======== INPUT DATA ========
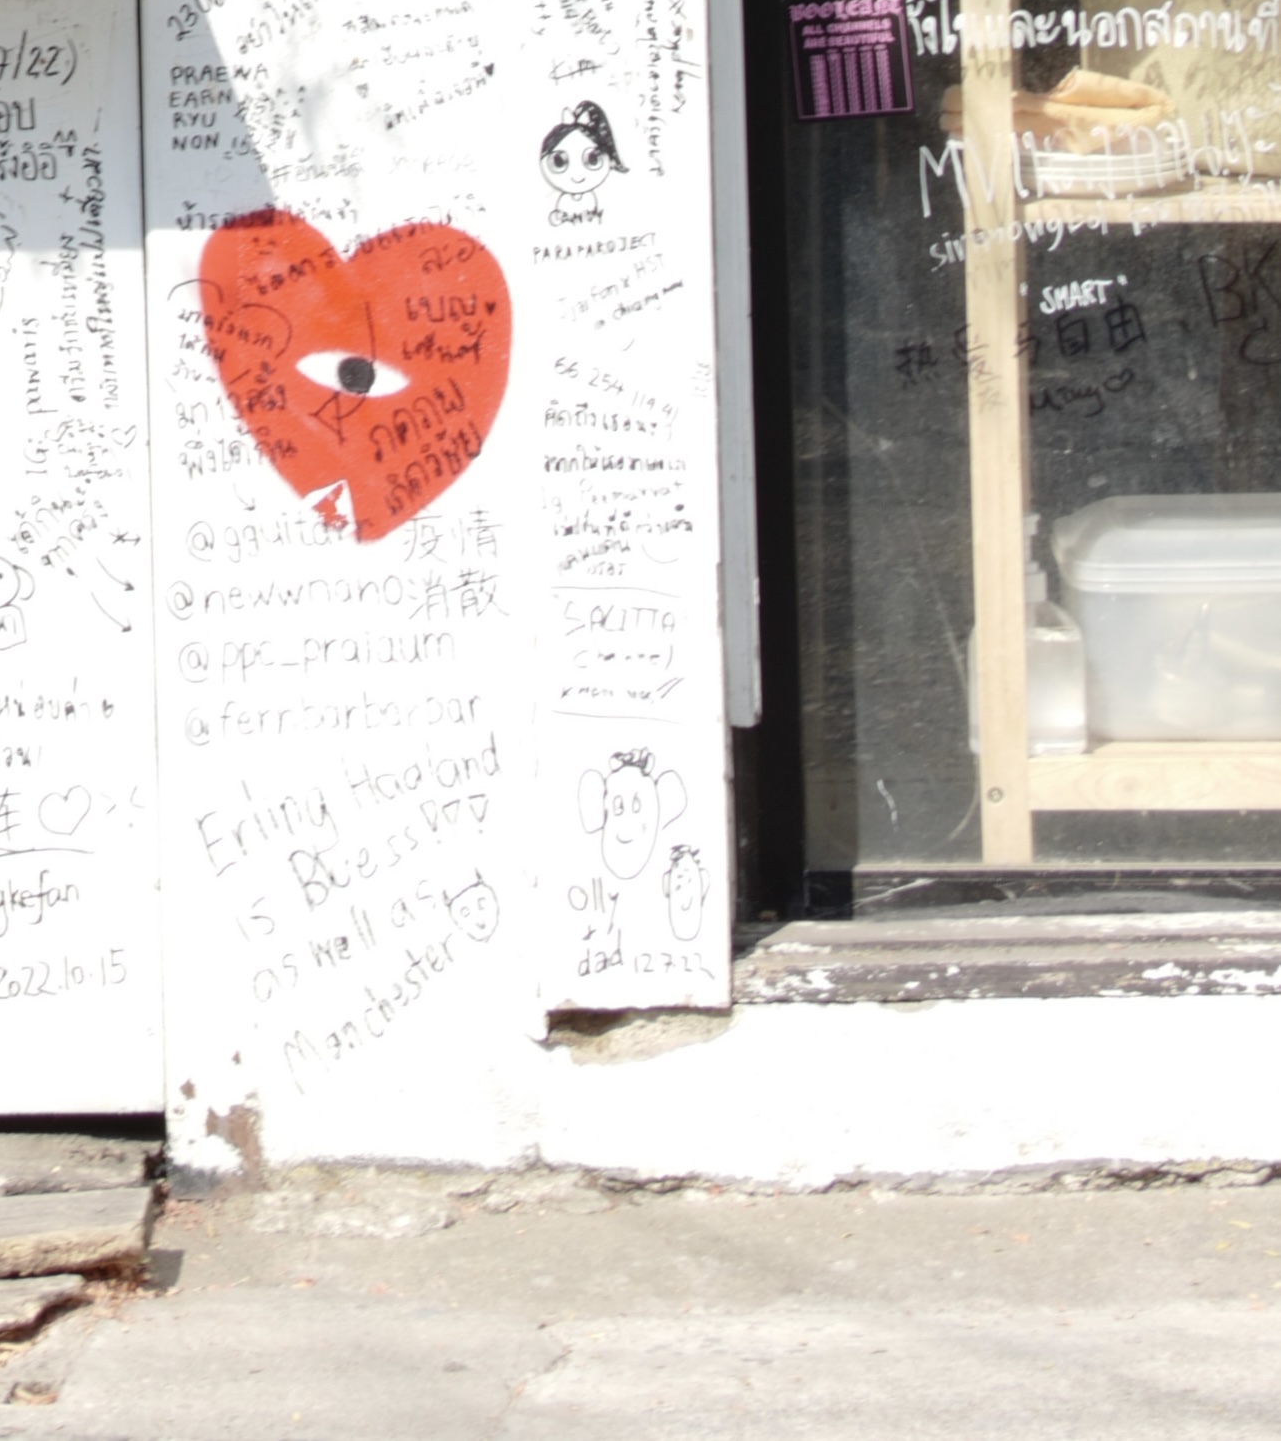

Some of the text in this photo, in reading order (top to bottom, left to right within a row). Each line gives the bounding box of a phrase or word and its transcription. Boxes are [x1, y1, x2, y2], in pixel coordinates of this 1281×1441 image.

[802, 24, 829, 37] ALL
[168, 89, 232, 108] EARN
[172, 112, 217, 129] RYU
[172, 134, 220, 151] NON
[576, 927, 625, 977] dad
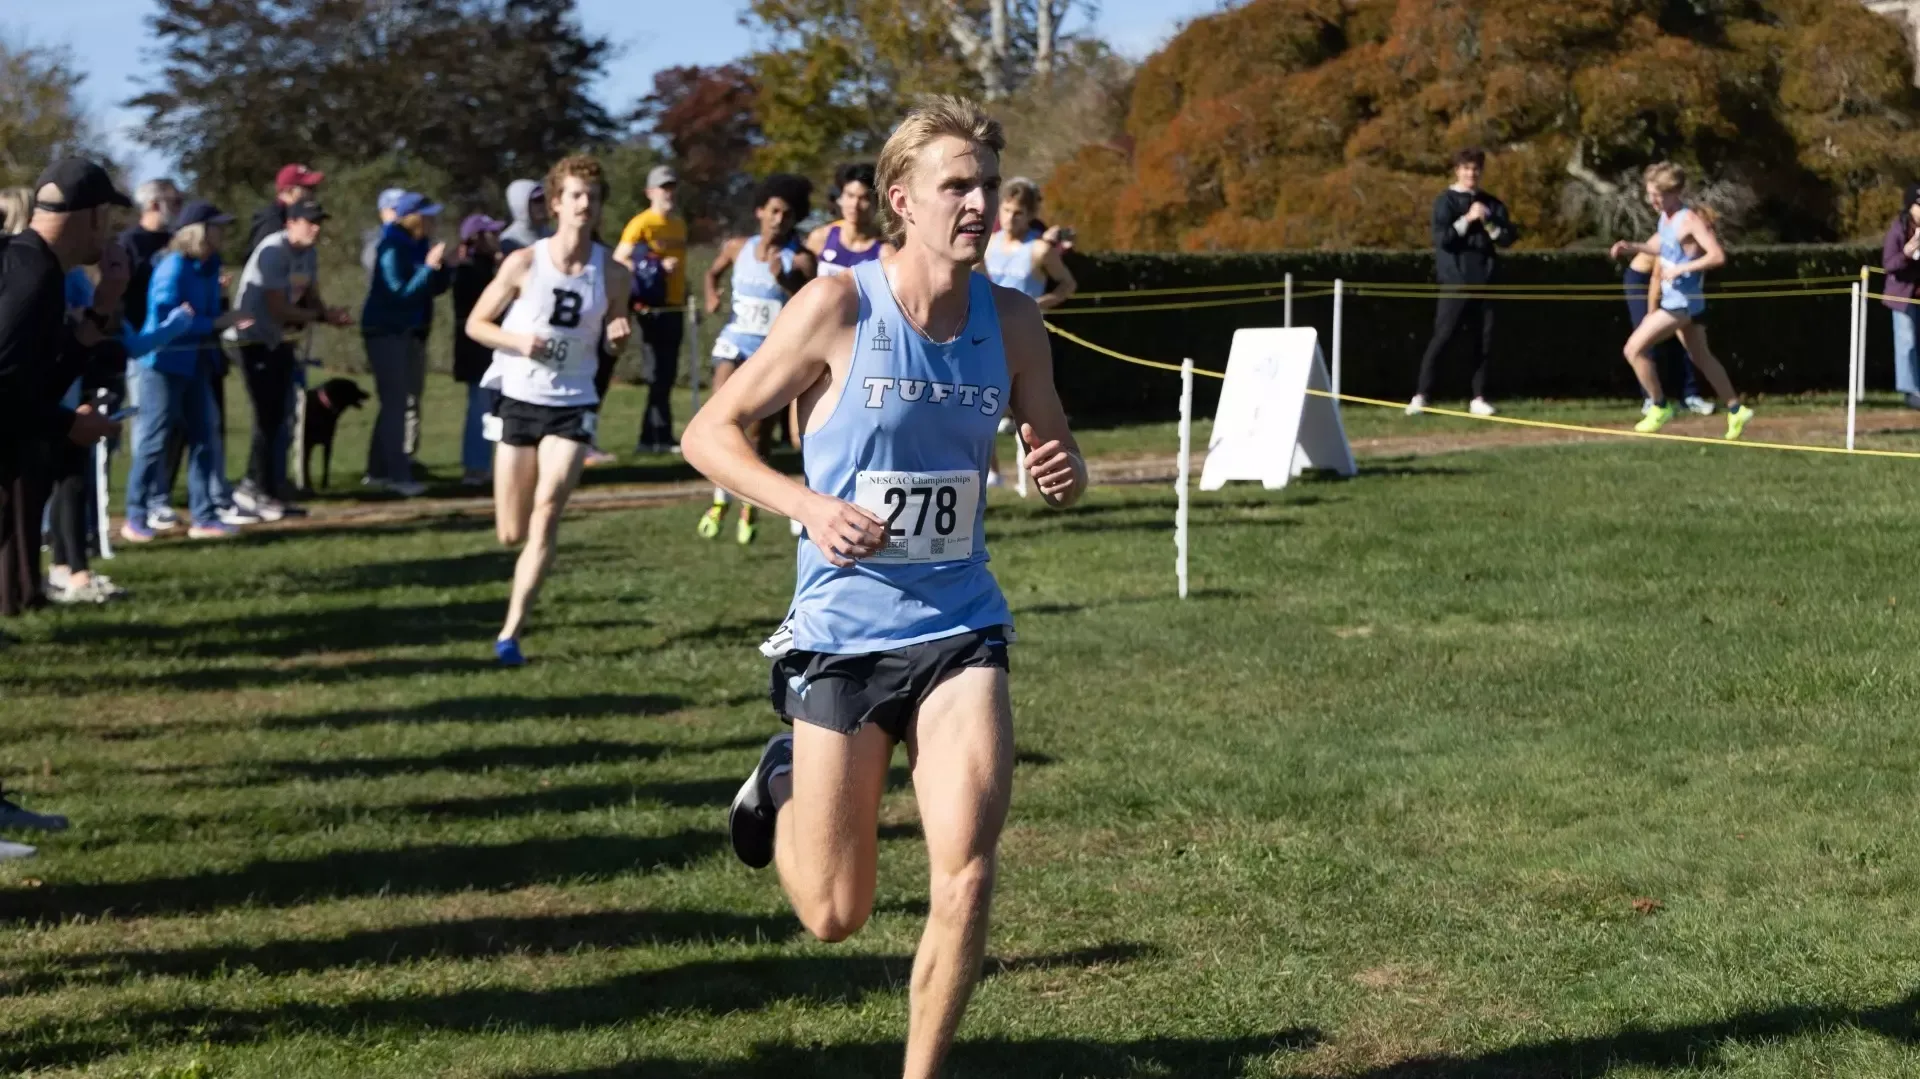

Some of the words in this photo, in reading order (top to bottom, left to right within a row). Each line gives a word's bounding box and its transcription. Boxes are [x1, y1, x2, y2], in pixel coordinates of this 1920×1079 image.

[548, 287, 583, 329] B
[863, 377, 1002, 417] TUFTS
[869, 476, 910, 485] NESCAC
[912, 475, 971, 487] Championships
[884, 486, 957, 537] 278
========
WHAT YOU WILL DO:
Leave the images out and print each entry exactly.

OUTPUT BELOW:
Some of the text in this photo, in reading order (top to bottom, left to right within a row). Each line gives the bounding box of a phrase or word and its transcription. Boxes are [x1, y1, x2, y2], in pixel coordinates of this 1281×1441 image.

[802, 24, 829, 37] ALL
[168, 89, 232, 108] EARN
[172, 112, 217, 129] RYU
[172, 134, 220, 151] NON
[576, 927, 625, 977] dad

Some of the words in this photo, in reading order (top to bottom, left to right within a row). Each line gives a word's bounding box and its transcription. Boxes are [x1, y1, x2, y2], in pixel coordinates of this 1920×1079 image.

[548, 287, 583, 329] B
[863, 377, 1002, 417] TUFTS
[869, 476, 910, 485] NESCAC
[912, 475, 971, 487] Championships
[884, 486, 957, 537] 278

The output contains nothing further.